Dorothy Heyward (née Kuhns; June 6, 1890 – November 19, 1961) was an American playwright.

In addition to several works of her own, she co-authored the play Porgy (1927) with her husband DuBose Heyward, adapting it from his novel of the same name. Their work is now known best in its adaptation as the opera Porgy and Bess (1935), with music by George Gershwin.

==Early life and education==

She was born in Wooster, Ohio, as Dorothy Kuhns, and lived in New York, Puerto Rico, and Washington, DC, throughout her childhood years. She was interested in literature from an early age and started writing plays. After graduating from high school, she attended Harvard University, where she studied to become a playwright.

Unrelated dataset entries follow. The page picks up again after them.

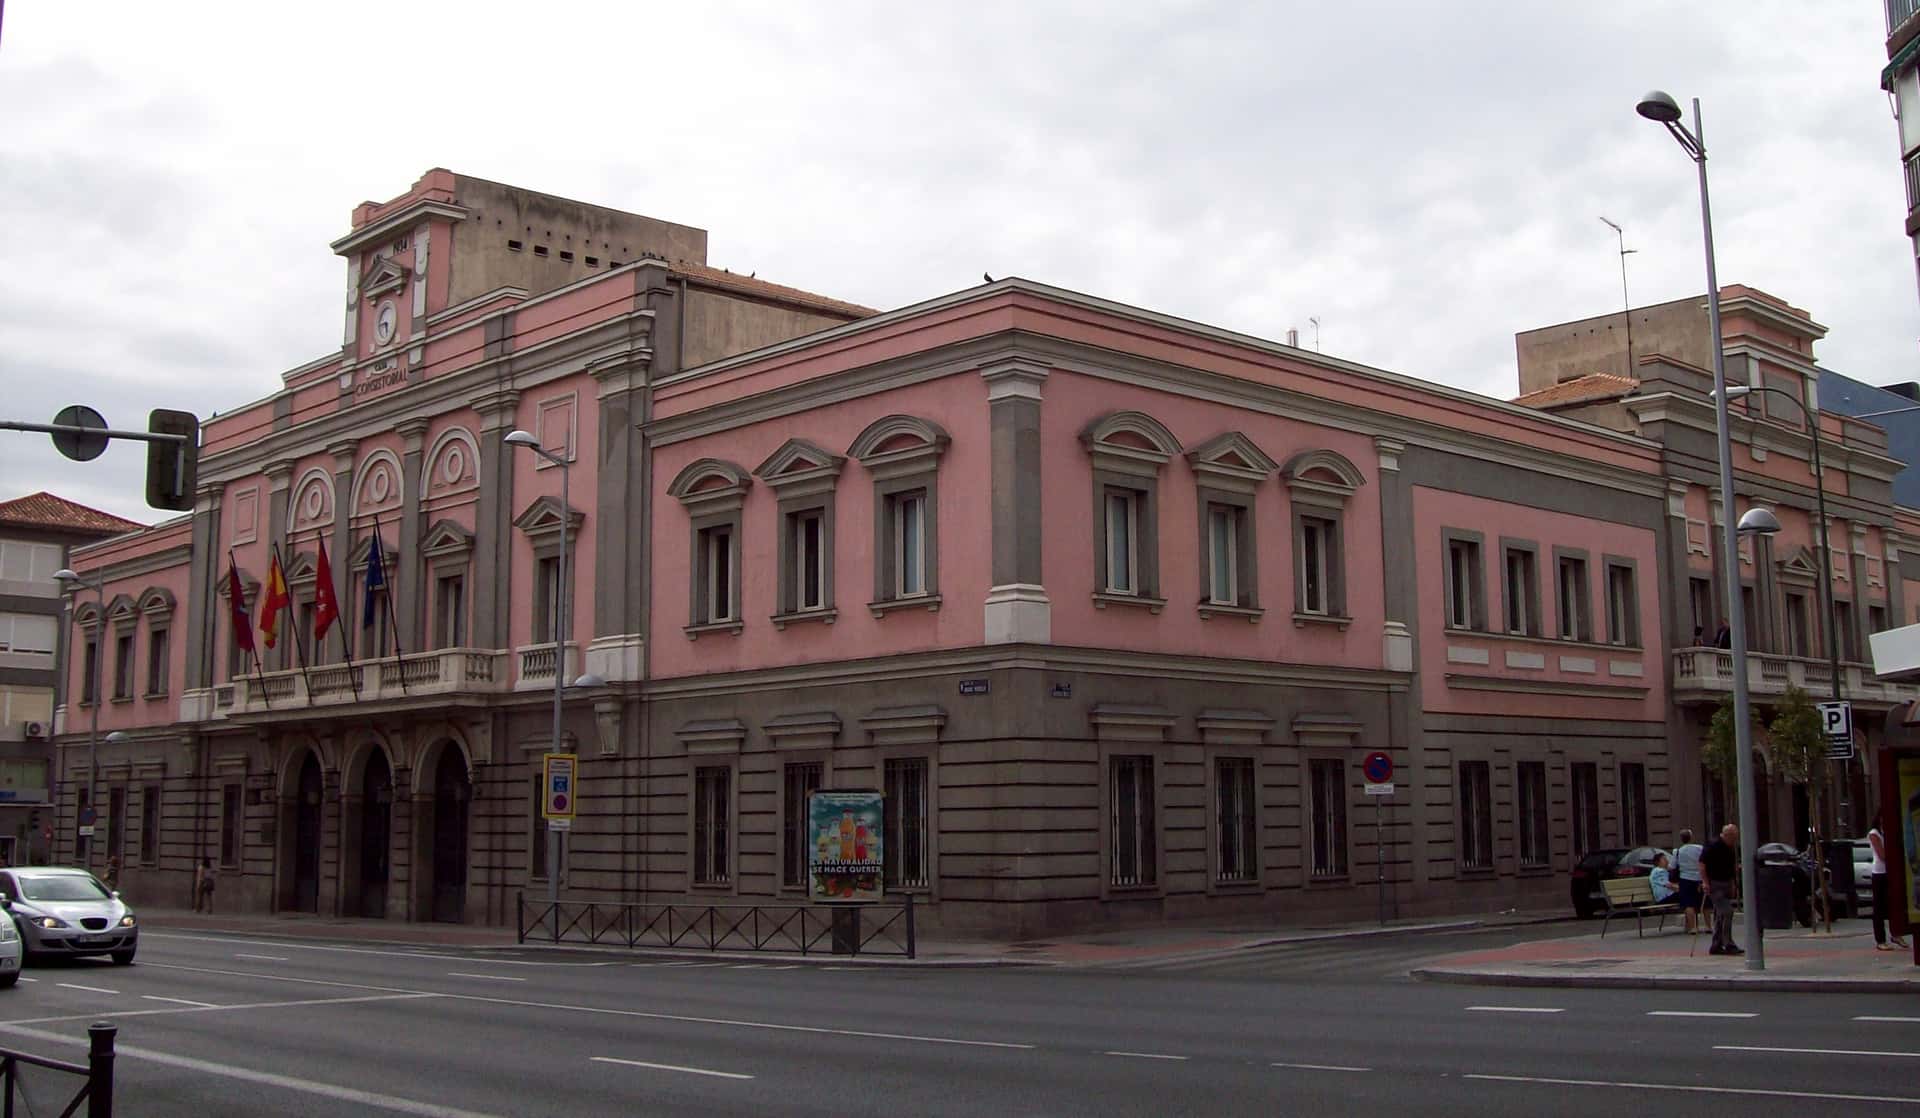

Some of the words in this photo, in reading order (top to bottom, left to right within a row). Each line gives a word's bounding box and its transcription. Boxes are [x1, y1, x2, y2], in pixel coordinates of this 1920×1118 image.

[1828, 711, 1841, 730] P
[812, 865, 822, 873] SE
[824, 865, 847, 873] HACE
[849, 865, 881, 873] QUERER
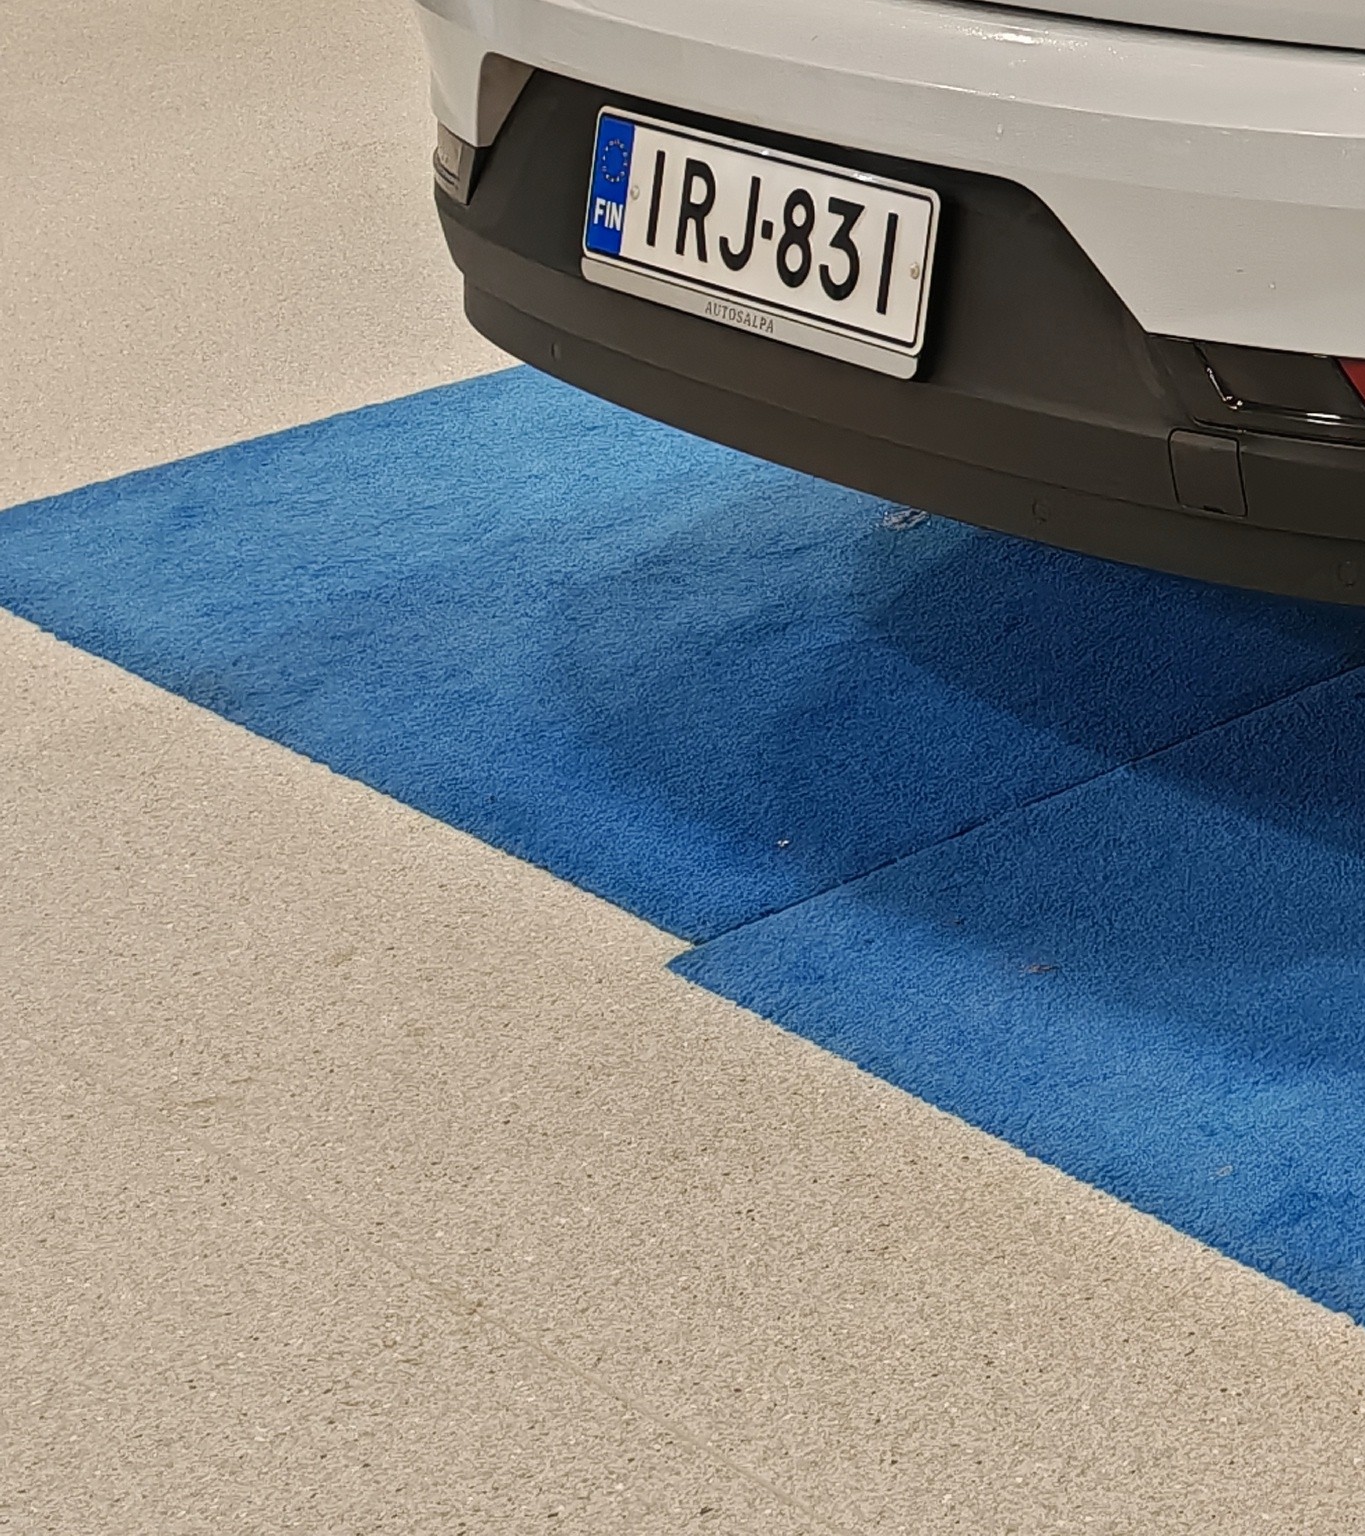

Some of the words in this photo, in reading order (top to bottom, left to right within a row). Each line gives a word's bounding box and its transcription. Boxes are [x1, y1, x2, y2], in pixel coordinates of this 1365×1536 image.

[593, 196, 625, 232] FIN
[645, 149, 899, 316] IRJ-831
[704, 300, 775, 334] AUTOSALPA

In 1922, Kuhns attended MacDowell Colony, where she met DuBose Heyward. They married in September 1923 and she changed her name.

== Career as a playwright ==
In 1924, Heyward wrote her first play, The Dud, for which she won a Harvard Prize and participated in Dr. George Pierce Baker's Workshop 47. The Dud was later retitled to Nancy Ann, and Nancy Ann was produced on Broadway in 1924, running a total of 40 performances.

When her husband was writing his novel Porgy, Dorothy Heyward saw dramatic possibilities in the story. She convinced him that it would work as a play. They collaborated to adapt it to the stage, making sure the play's company be cast with only black actors. This was seen as a controversial decision during its time, when black characters were almost always portrayed by white actors in blackface. Nonetheless, the play was a success and the 1927 Theatre Guild production ran for 367 performances.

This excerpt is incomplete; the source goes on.